== GIVEN ENTRIES
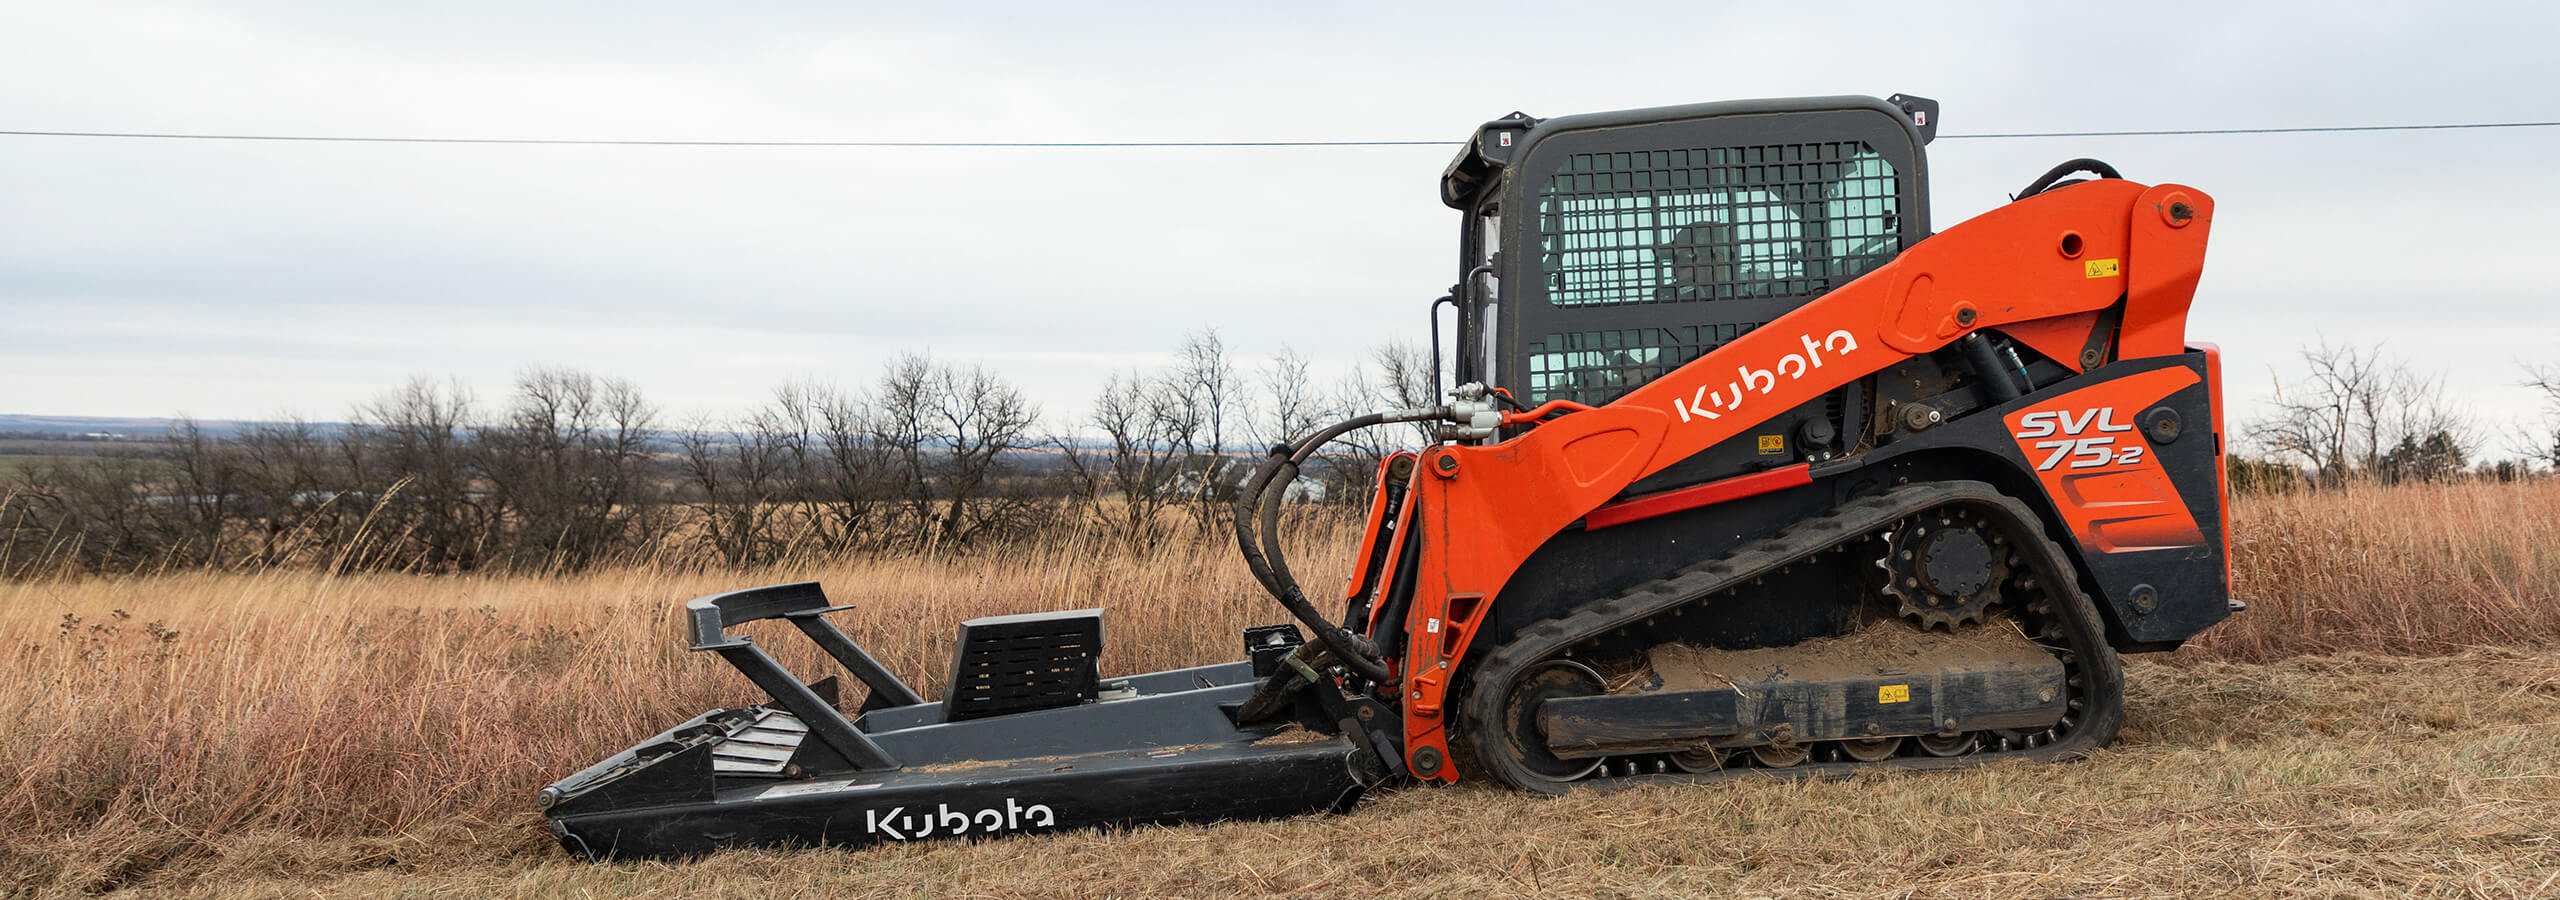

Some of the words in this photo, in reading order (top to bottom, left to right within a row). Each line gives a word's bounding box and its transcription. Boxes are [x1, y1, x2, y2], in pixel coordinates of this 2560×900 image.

[1674, 330, 1858, 422] Kubota
[2016, 407, 2132, 438] SVL
[2035, 437, 2144, 471] 75-2
[866, 798, 1055, 842] Kubota
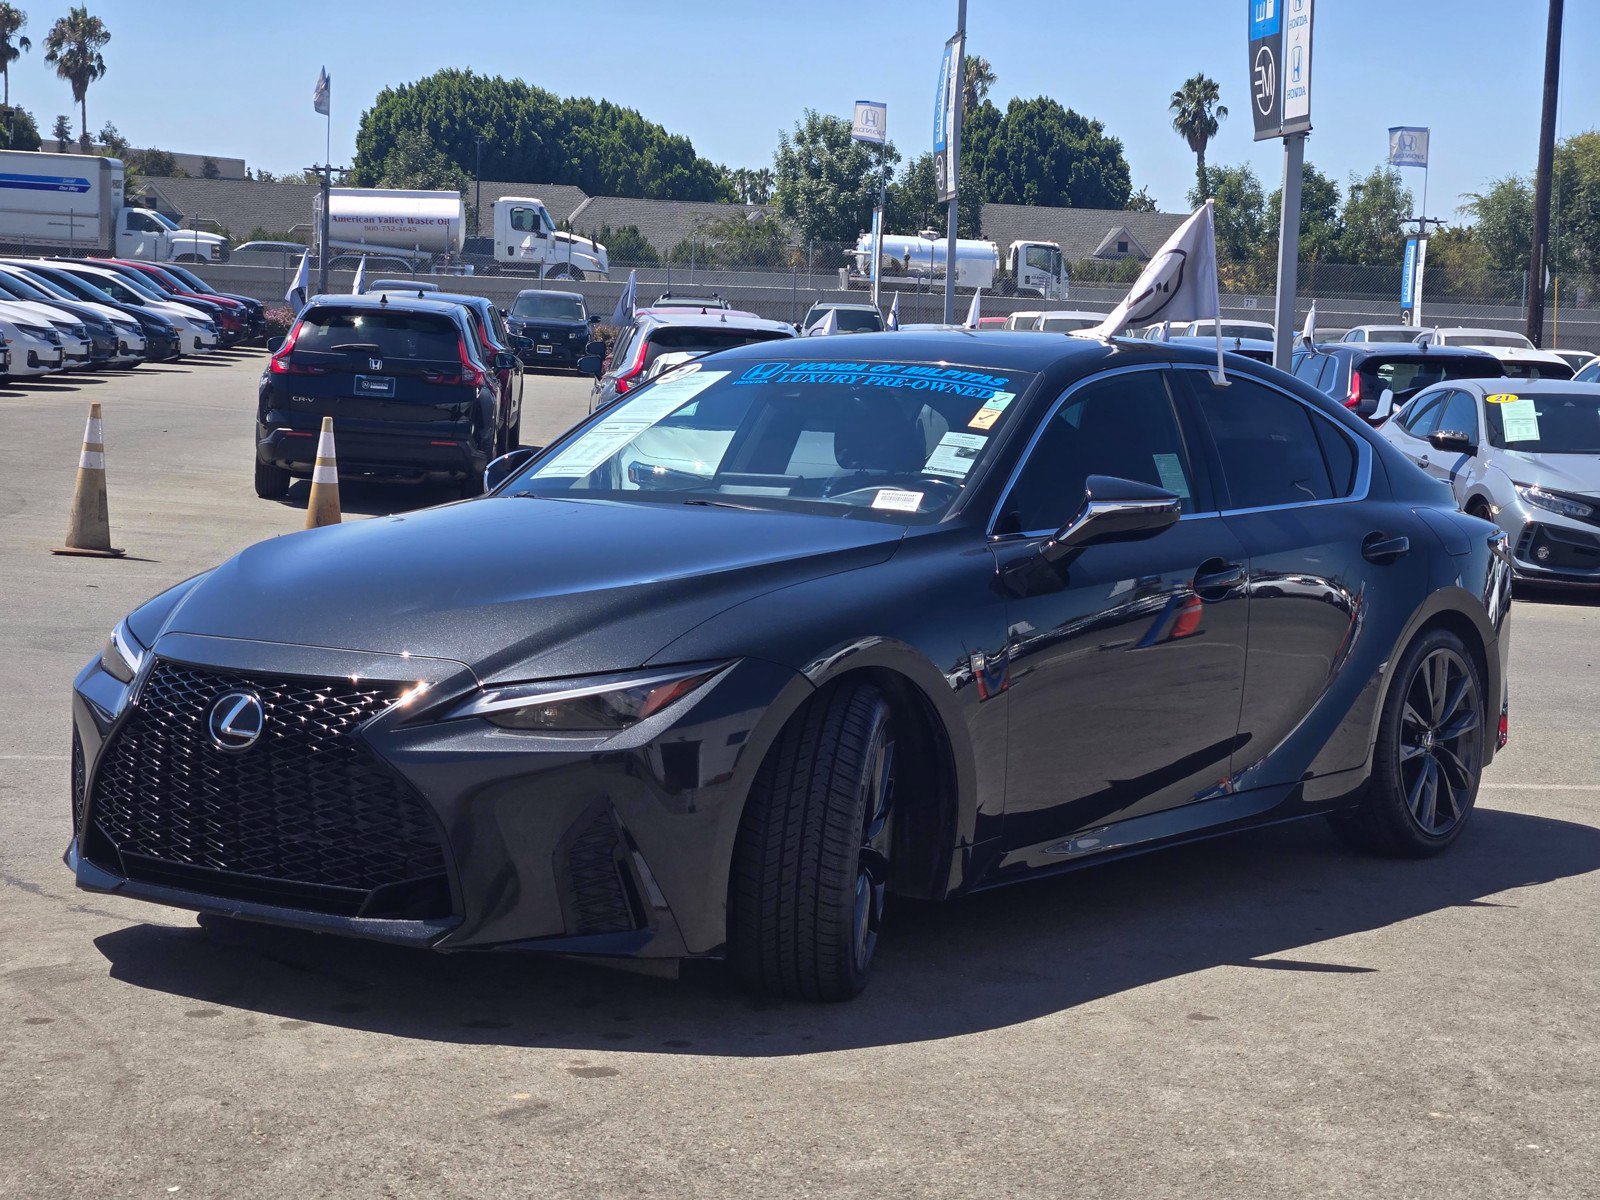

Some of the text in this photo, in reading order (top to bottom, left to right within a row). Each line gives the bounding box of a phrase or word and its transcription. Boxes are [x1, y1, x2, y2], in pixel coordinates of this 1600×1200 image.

[1288, 14, 1308, 30] HONDA
[1287, 86, 1307, 100] HONDA
[332, 215, 451, 226] American Valley Waste Oil
[790, 362, 1010, 386] HONDA OF MILPITAS
[775, 373, 867, 384] LUXURY
[862, 375, 995, 399] PRE-OWNED
[292, 395, 315, 403] CR-V
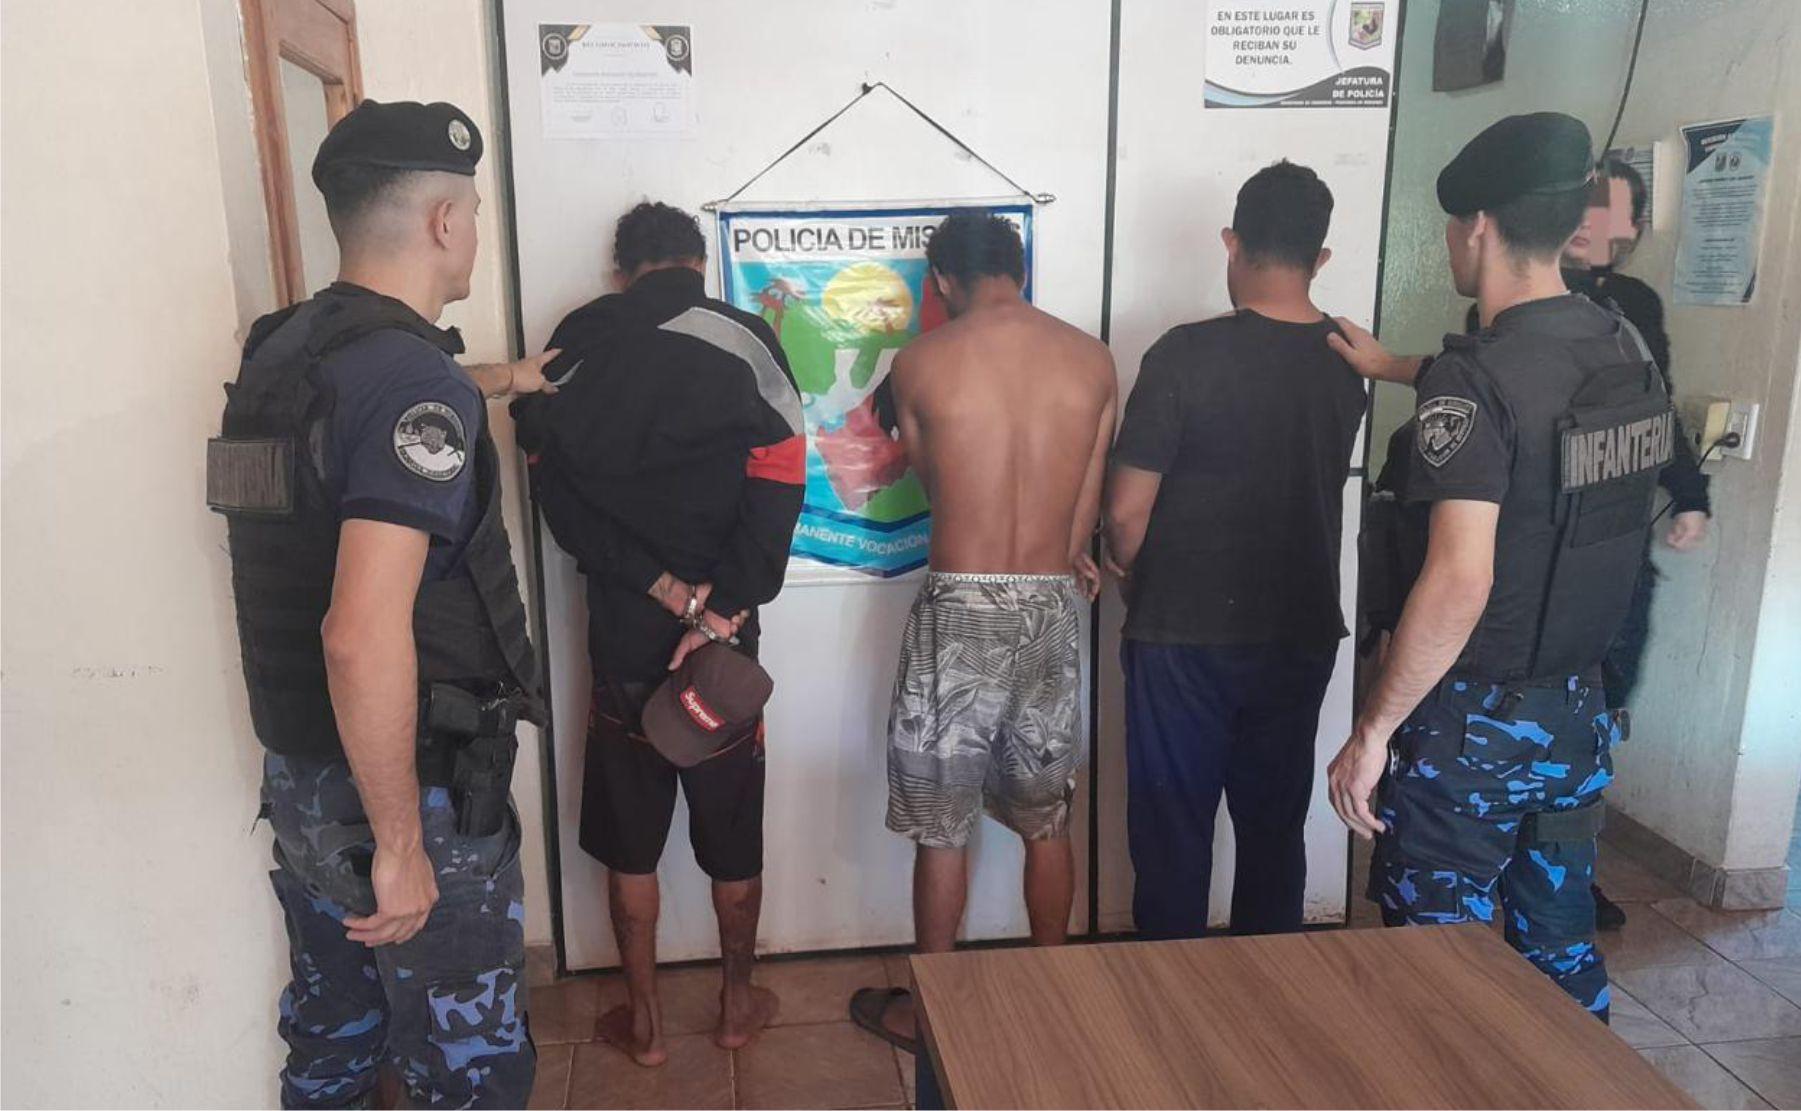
====
| EXERCISE PROMPT |
From the line that includes "Some of the text" on down to the last line of the entries above, set down each line exactly, leaving out the pictures.

| OUTPUT |
Some of the text in this photo, in reading order (top to bottom, left to right within a row). Each line gives the bounding box of a phrase or word and its transcription. Boxes are [x1, y1, x2, y2], in pixel coordinates of this 1600×1200 image.

[1288, 14, 1308, 30] HONDA
[1287, 86, 1307, 100] HONDA
[332, 215, 451, 226] American Valley Waste Oil
[790, 362, 1010, 386] HONDA OF MILPITAS
[775, 373, 867, 384] LUXURY
[862, 375, 995, 399] PRE-OWNED
[292, 395, 315, 403] CR-V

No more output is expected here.